Cómic
Natalia Velarde y los entresijos de ‘Encías quemadas’
Una criatura extraña llega un día a la ciudad. Tiene aspecto mitad de chica y mitad de animal. La apodan Piel de Perro y tras ella aparecen muchos monstruos más. Se va todo al carajo. ¡Es el fin de la humanidad! Ahora Piel de Perro huye hacia el desierto. Junto al gruñón de Cielito, su misión es encontrar al Autor y que reescriba para este cuento un final mejor. Mas en la sombra acecha el mal: lupercas, pesadillas, conejos y un juicio final… ¡Ay, si fracasan! ¿De esta historia qué será? De ellos depende que sea otro nuestro cantar. Así nos presenta Reservoir Books ‘Encías quemadas’, una novela gráfica que “es una suerte de Mago de Oz repleto de triptamina para la generación Z”, asegura la editorial. Un trabajo de Natalia Velarde. Con ella la editorial organizó un encuentro virtual para poder hablar de su trabajo en este cómic. Las siguientes líneas contienen algunas de las reflexiones y respuestas de Natalia a su labor en este proyecto.

¿Cómo fue la gestación de este trabajo? “Este proyecto surgió cuando me presenté a la beca Injuve. Realmente no tenía muy claro qué era lo que quería hacer. Tengo mucha experiencia haciendo historias cortas para mis fanzines y mis otras publicaciones, pero nunca había hecho el planteamiento para un proyecto mucho más largo. Lo que hice fue coger varias cosas que sabía que me iban a ser de utilidad más adelante, que sabía que con eso iba a poder trabajar. Primero un proyecto que tenía desde los 16 años. Tenía los personajes, tenía más o menos qué era lo que pasaba, pero no tenía ni idea de qué era lo que estaba contando. Siempre le he tenido mucho cariño a esa historia, entonces me quedé con todas las cosas que en ese momento me gustaban de ese proyecto, las cosas que me obsesionaban en ese momento, y que, de hecho, al final, son las cosas que todavía me obsesionan. Que si medio personas, perro, la poesía, las fábulas, mitología, todas esas cosas las metí dentro de esta historia…”, asegura Natalia Velarde.
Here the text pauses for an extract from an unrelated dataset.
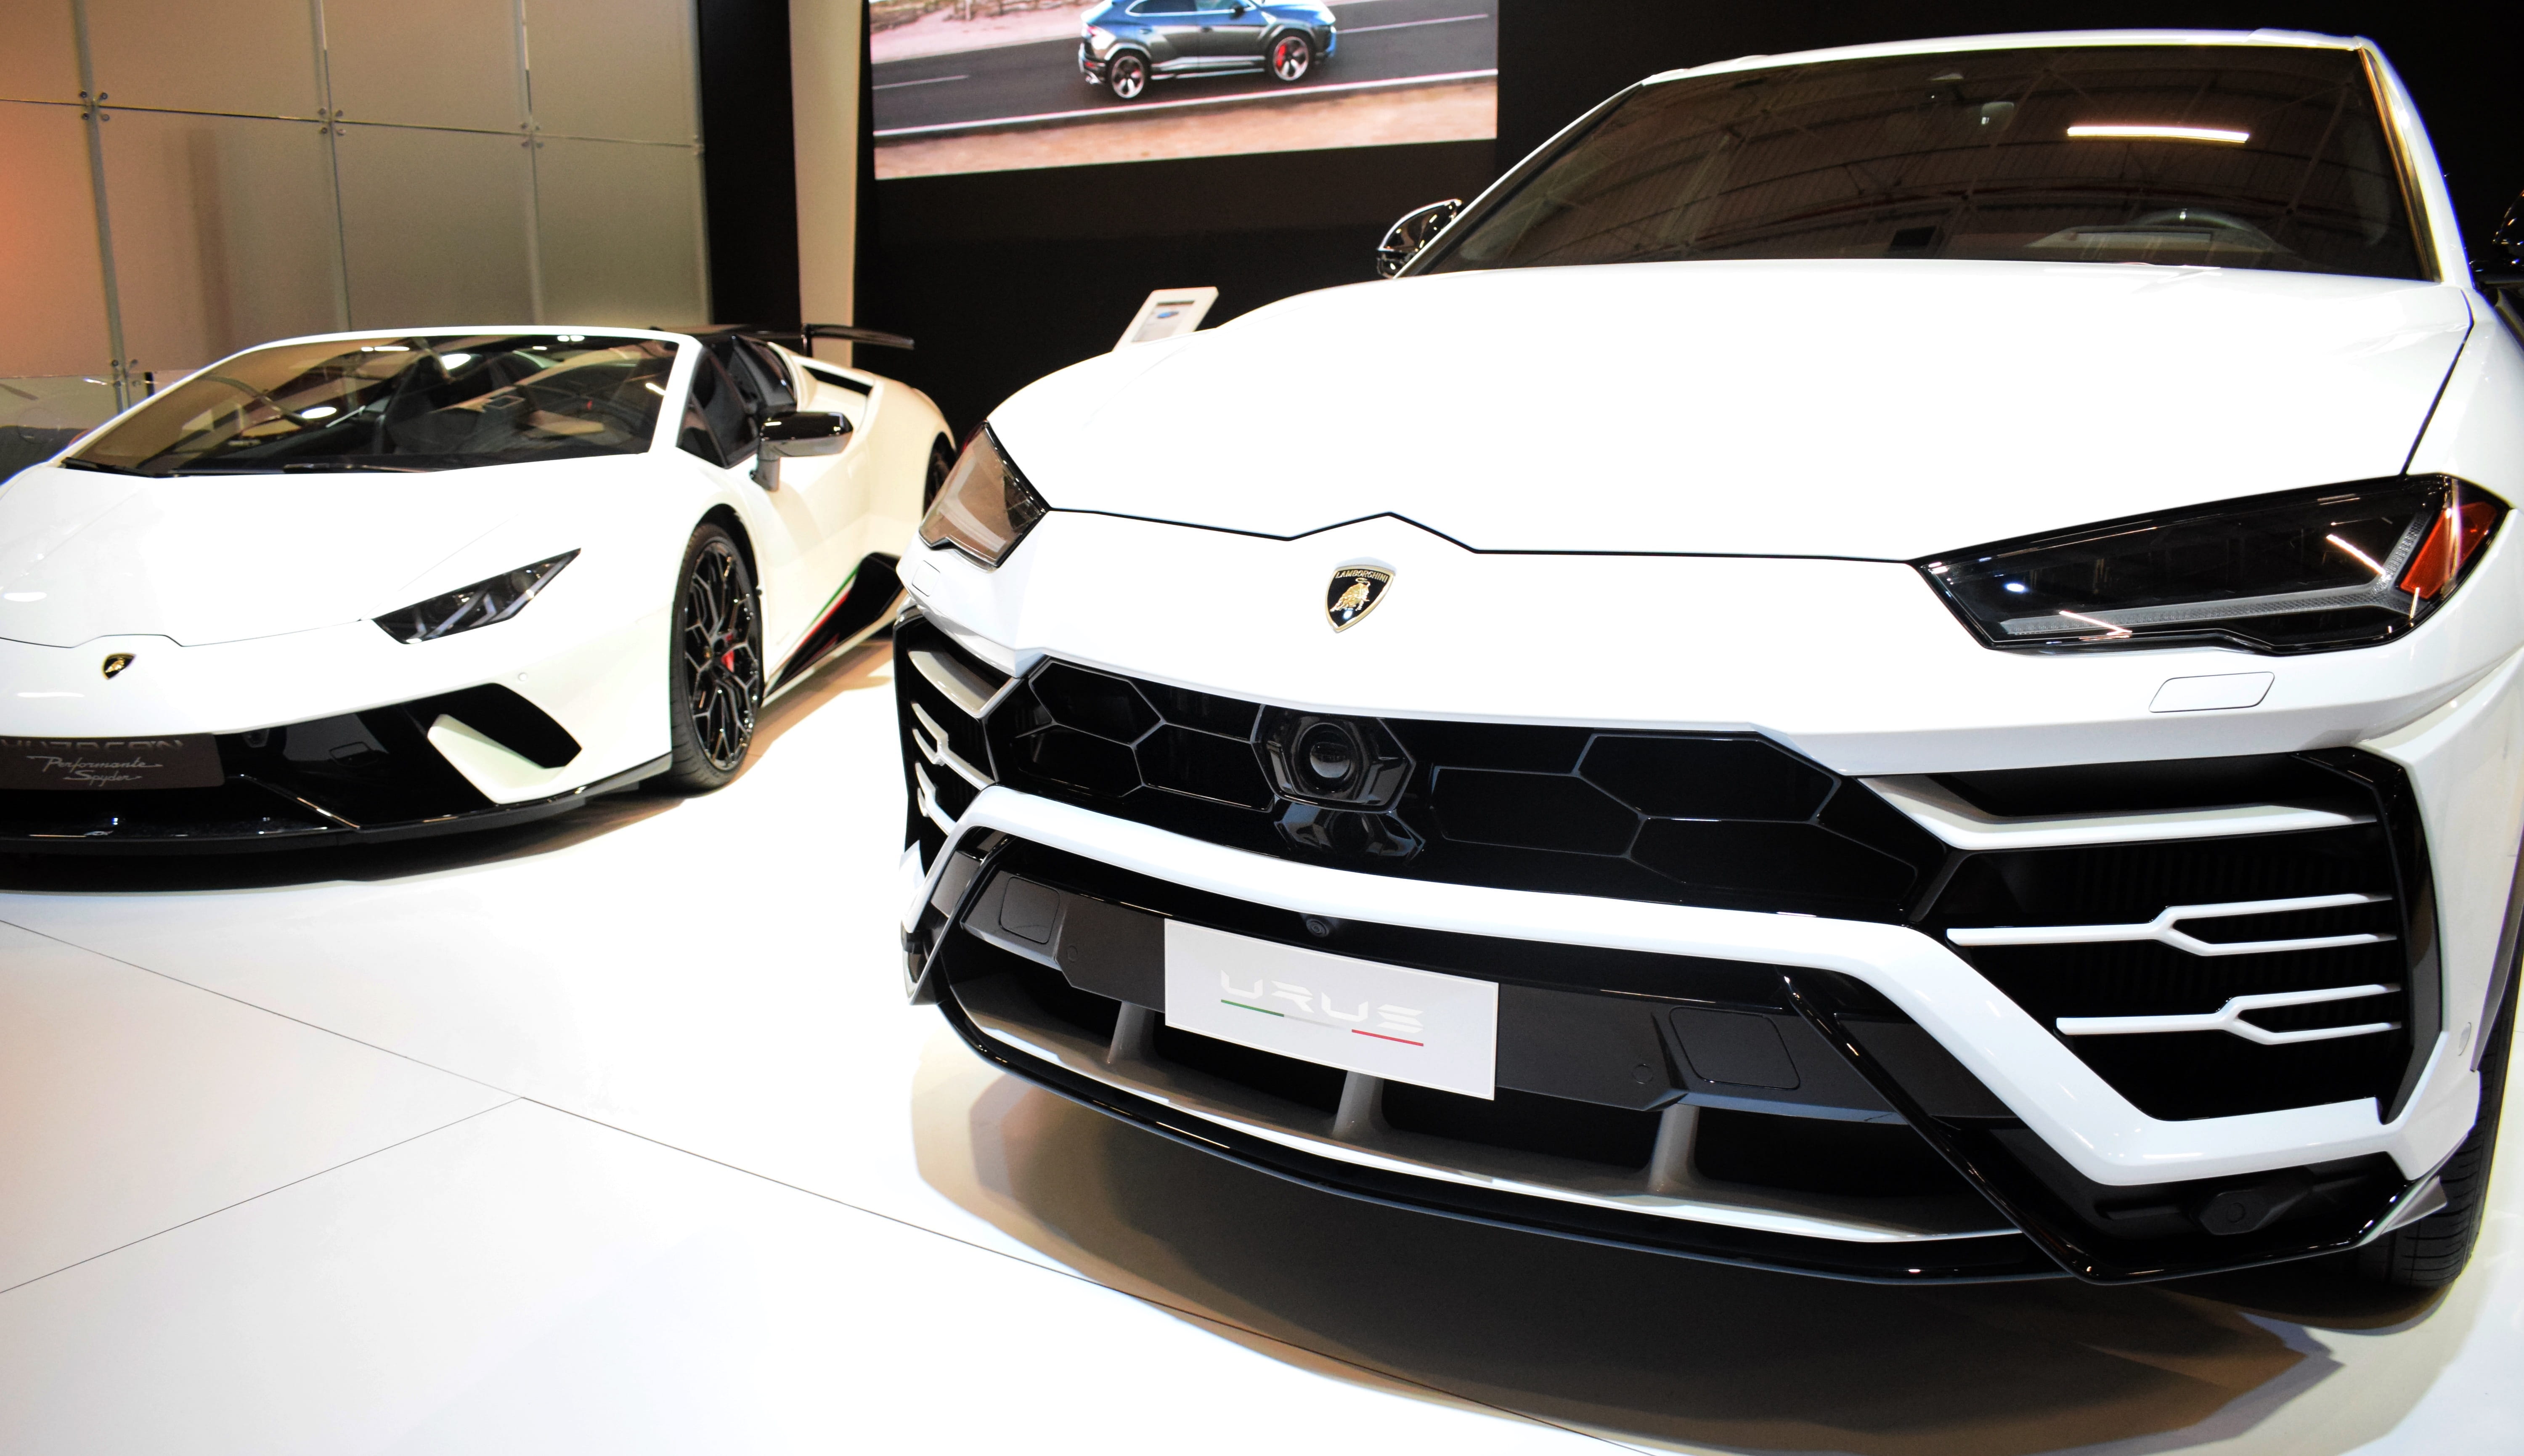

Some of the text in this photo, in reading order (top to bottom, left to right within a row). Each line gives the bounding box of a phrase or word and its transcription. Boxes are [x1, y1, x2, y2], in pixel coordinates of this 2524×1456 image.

“Y viendo uno de mis cuadernos, la fábula en sí de piel de perro es una canción que yo había escrito en mi cuaderno cuando todavía no sabía qué hacer del todo con ‘Encías quemadas’. Alguien me preguntó una vez que por qué les llamaba cantos a los actos, canto 1, canto 2, canto 3 y es justamente porque todo viene de una cancioncita que era de piel de perro, que era un personaje. Bueno, era un ser que por su culpa el mundo estaba como estaba. A partir de esa canción, más esta historia de cuando tenía 16 años, y lo de la beca Injuve, pues al final fui juntando cosas. Pero, sobre todo, lo que yo quería era experimentar en ese proyecto. Ver cómo fusionaba el diario gráfico, que era lo que hasta ahora había trabajado en mis fanzines; el diario de autoexploración, en donde metes sueños o cosas que te han pasado, y quería ver cómo mezclaba eso con la ambición de hacer una historia de narrativa larga”.
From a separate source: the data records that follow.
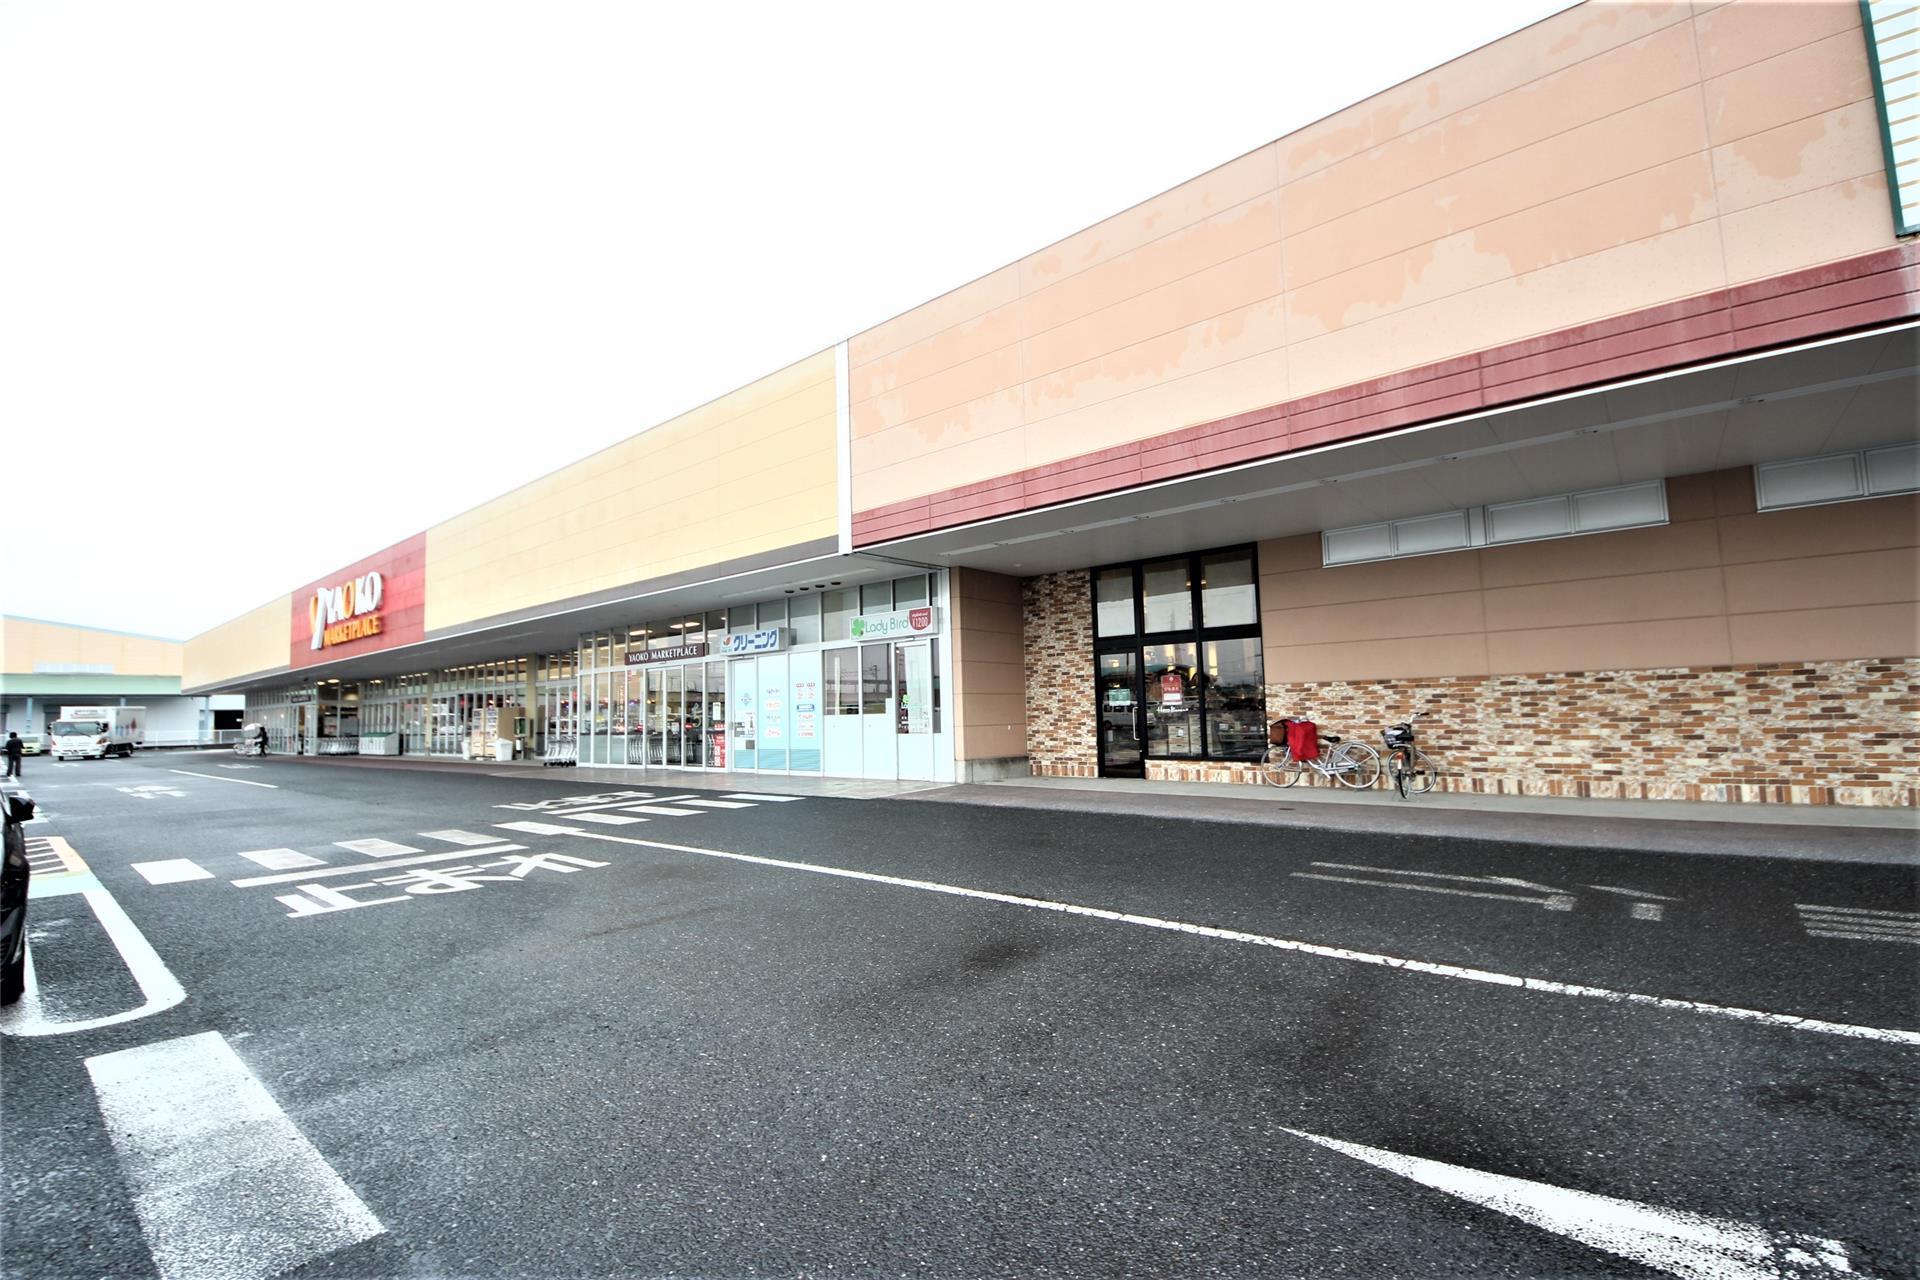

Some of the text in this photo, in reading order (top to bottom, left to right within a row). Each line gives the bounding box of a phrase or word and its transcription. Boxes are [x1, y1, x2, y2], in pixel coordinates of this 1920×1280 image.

[323, 615, 381, 647] MARKETPLACE
[865, 616, 909, 634] Lady Bird
[733, 629, 778, 652] クリーニング
[628, 645, 698, 663] YAOKO MARKETPLACE
[274, 853, 612, 918] 止まれ
Hablando de dar ideas para facilitar la entrada a esta obra, Natalia Velarde contaba que ella es una autora un poco egoísta, en el sentido de que “no tengo nada que perder. Quiero ser feliz trabajando. Y luego me he encontrado con la sorpresa de que había gente a la que le gustaba eso. Siempre he asumido que uno no podía vivir del cómic como tal, o muy pocas personas podían hacerlo. Y no tenía nada que ver con si eres buena o mala, sino que tiene mucho que ver con una cuestión de suerte. Las cosas en nuestro país no son muy fáciles, yo he hecho fanzines, pero he hecho fanzines desde el amor por los fanzines. Somos muy conscientes de que lo que hacemos es algo raro, que es algo difícil. Hablando con otros autores a los que admiro mucho como Munuera, por ejemplo, que tuve la oportunidad de hablar con él en Angulema, y que me diera feedback a mi trabajo, y justamente me dijo algo parecido a lo que se plantea aquí de que es una obra atrevida, arriesgada… Me gustaría ser capaz de ser menos egoísta, y pensar más en el lector, y aún así creo que, esta vez, lo he hecho bastante. Mis fanzines son un poco más críticos todavía, y justamente he intentado hacer esa fusión y llevármelo a un sitio que más personas puedan entender. Es una cosa que quiero seguir haciendo, que es encontrar la abstracción y la narración, al mismo tiempo poder seguir haciendo poesía, al mismo tiempo que todo el mundo pueda llegar a disfrutarlo. Ese es mi reto personal. Pero claro, al final la cabra tira parar el monte, y yo cuando dibujo me dejo llevar mucho. A nivel gráfico quería seguir explorando”, confiesa Natalia Velarde.

Sobre las influencias que ha tenido para llegar a su estilo único, Natalia Velarde contaba que tiene ”muchísimas influencias”. “He leído desde que tengo memoria. Yo empecé queriendo ser mangaka. Durante mucho tiempo solamente leía manga y todo lo demás era basura. ¿Qué pasa? Que después estaba en el instituto, en la biblioteca, y sólo tenían una cajita con cómics. Me aburría y me fui a ver qué tenían en la caja de cómics. Me encontré con la cara de un gato negro, ‘Blacksad’, y bueno, fue abrirlo e hizo que se me volara la cabeza. Me hice súper fan de Juanjo Guarnido, quería ser como Juanjo Guarnido a saco. Después conocí a Milo Manara, después conocí a Sergio Toppi. En ese momento quería solamente hacer cómics europeos y de repente el manga era basura. Después leí ‘Watchmen’ y también empecé a encontrar cosas en el americano que me encantaban”.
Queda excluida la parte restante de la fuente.